After you set the alarm if you click on it you can give it a name such as "laundry" and set it for a specific day such as "Sunday"
I have alarms for workdays and alarms for times to take medicine.
You can set an alarm for a early wake up for a flight time a week ahead of time if you want. The assist is super basic to protect you from doing dumb shit, but you absolutely can do it manually.
Doesn't that just suggest that the thing doesn't work right if they have to do this to avoid incorrect settings? I'm pretty sure 100% of people who want to set an alarm this far out but can't are annoyed.
The whole problem is that you can't set an alarm more than 24 hours ahead of time unless you set it to repeat.
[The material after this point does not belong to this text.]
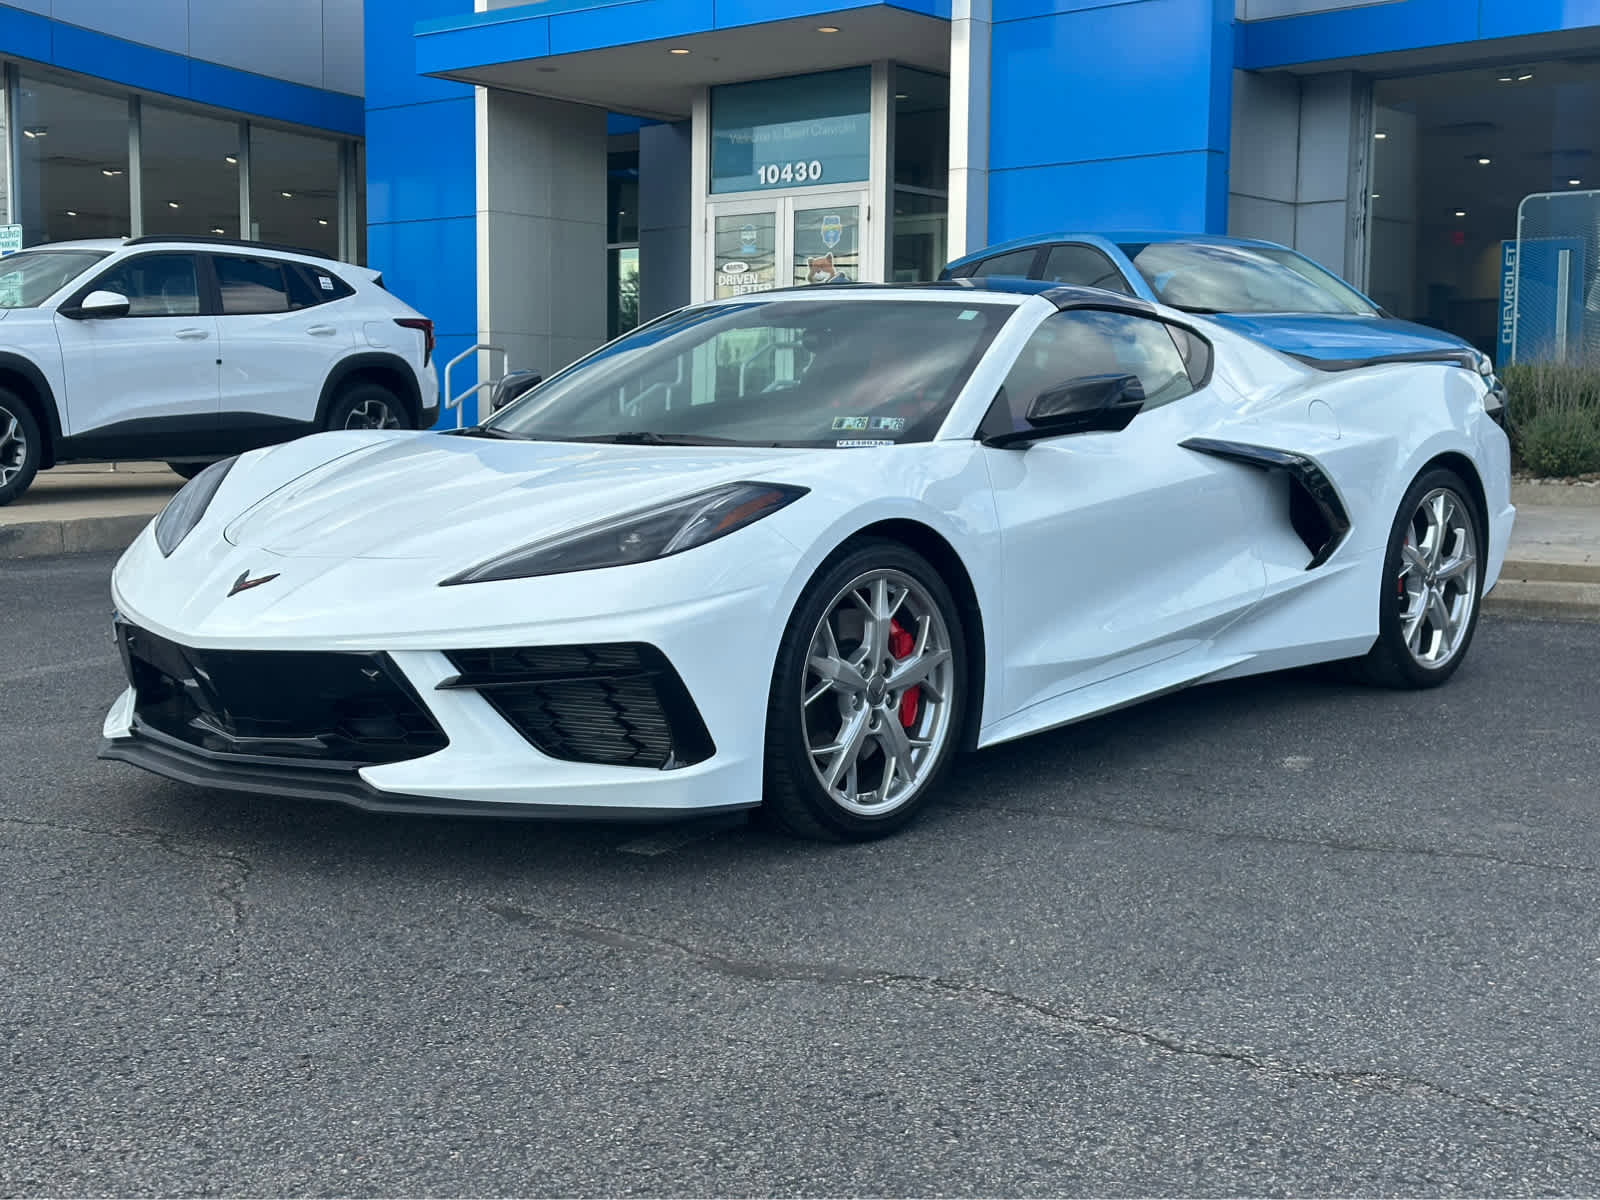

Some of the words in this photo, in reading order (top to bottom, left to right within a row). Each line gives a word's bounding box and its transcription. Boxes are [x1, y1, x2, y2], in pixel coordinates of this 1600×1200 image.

The timer also gets reset if the phone restarts or if you bump the stop button on the notification screen. Workarounds work most of the time but they set you up for problems. The artificial limitation is unnecessary and just creates problems for people like myself who have ADD.
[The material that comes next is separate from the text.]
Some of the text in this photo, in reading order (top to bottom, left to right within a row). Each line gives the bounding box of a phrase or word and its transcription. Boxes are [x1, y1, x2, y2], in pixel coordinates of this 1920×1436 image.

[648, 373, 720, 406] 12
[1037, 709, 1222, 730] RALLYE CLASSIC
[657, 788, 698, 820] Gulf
I said so elsewhere to one other, but I will reiterate that the jest came from viewing the remark outside of its proper context. I apologize for trivializing the matter.
I have felt this too! Reminders are usually pop up notifications that are easy to miss. I may have a temporary solution. On Android I can select the days on which the alarm should ring. It gets a bit annoying if your date is more than 7 days in the future. But still gets the job done
Asking a fitbit to set a timer for 2 hours is dumber.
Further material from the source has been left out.